Tom Killeen, COO, THG Ingenuity commented: "Partnering with Huddled is a testament to THG Fulfil's world-class fulfilment and courier management solutions. Our collaboration will empower Huddled to deliver a truly market-leading customer experience, optimising their operations whilst leveraging our industry-leading capabilities, including 1 am same-day delivery.

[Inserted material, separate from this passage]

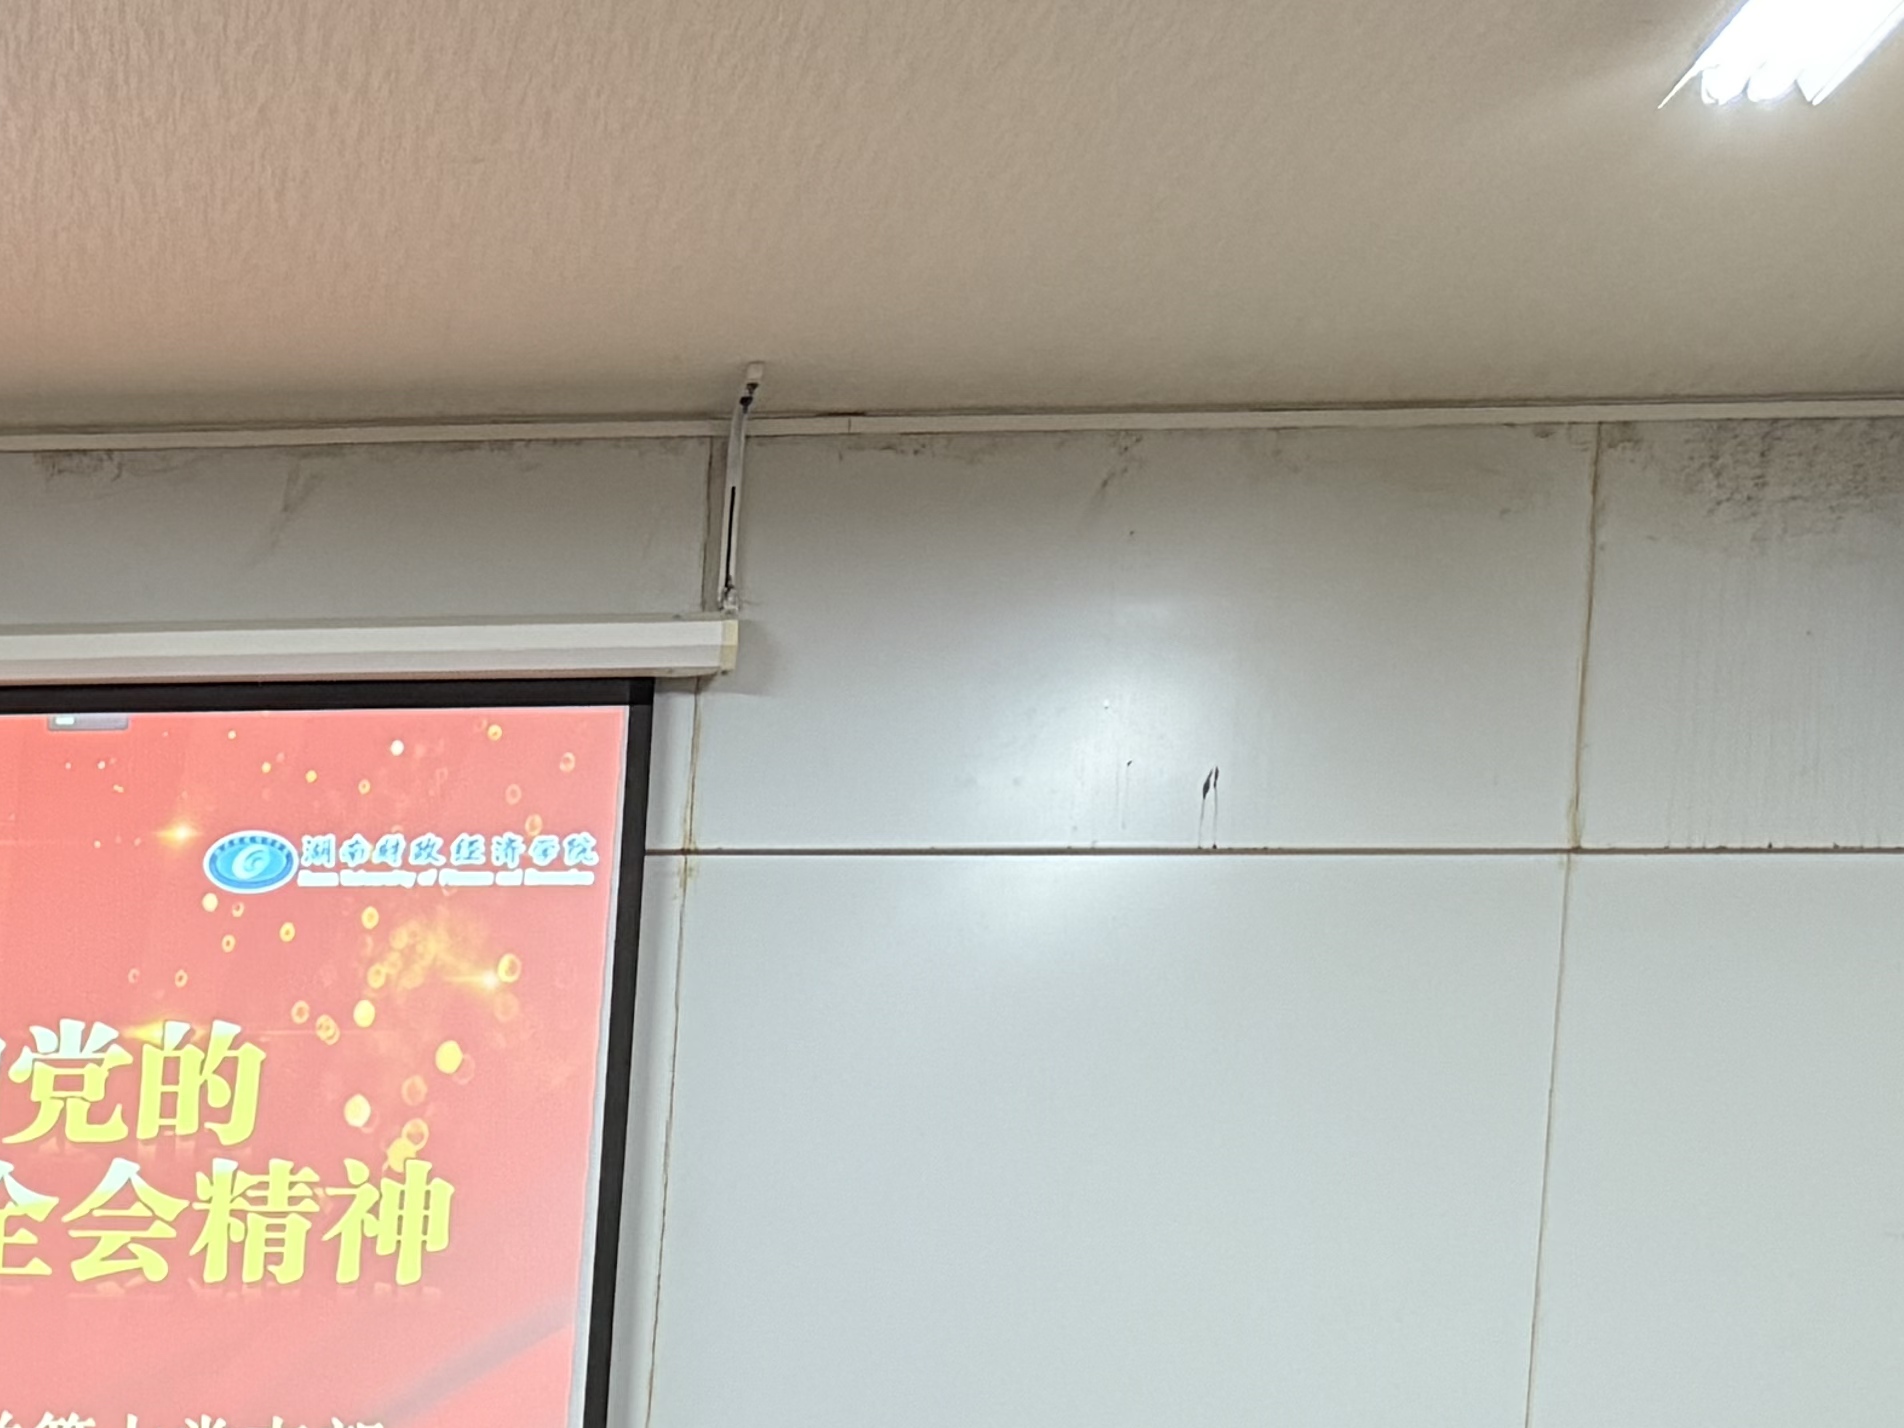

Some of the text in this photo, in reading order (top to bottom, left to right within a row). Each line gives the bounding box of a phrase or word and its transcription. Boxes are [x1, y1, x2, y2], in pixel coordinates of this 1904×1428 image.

[301, 832, 599, 868] 湖南财政经济学院

In addition, their approach to offering sustainable solutions to surplus stock allows us to talk to our clients and offer them a solution to an age-old problem. A solution that reduces waste and maximises efficiency. This is about more than just logistics; it's about leveraging cutting-edge technology to unlock tangible commercial advantages and deliver unparalleled speed and precision."
Enquiries:
For further information please visit www.huddled.com/investors, or contact:
Huddled Group plc Martin Higginson Michael Ashley Daniel Wortley Paul Simpson
| investors@huddled.com |
Zeus (Nominated Adviser and Sole Broker) James Hornigold, Nick Cowles, George Duxberry Dominic King | Tel + 44 (0) 203 829 5000 (Investment Banking) (Corporate Broking)
|
Alma Strategic Communications (Financial PR) Rebecca Sanders-Hewett Sam Modlin | huddled@almastrategic.com
|
Forward-Looking Statements
This announcement contains forward-looking statements. These statements relate to the Company's future prospects, developments and business strategies. Forward-looking statements are identified by their use of terms and phrases such as "potential", "estimate", "expect", "may", "will" or the negative of such terms and phrases, variations or comparable expressions, including references to assumptions. The forward-looking statements in this announcement are based on current expectations and are subject to risks and uncertainties that could cause actual results to differ materially from those expressed or implied by those statements. These forward-looking statements speak only as at the date of this announcement. No statement in this announcement is intended to constitute a profit forecast or profit estimate for any period. No representation or warranty is given as to the completeness or accuracy of the forward-looking statements contained in this announcement. Neither the directors nor the Company undertake any obligation to update forward-looking statements other than as required by the AIM Rules or by the rules of any other securities regulatory authority, whether as a result of new information, future events or otherwise.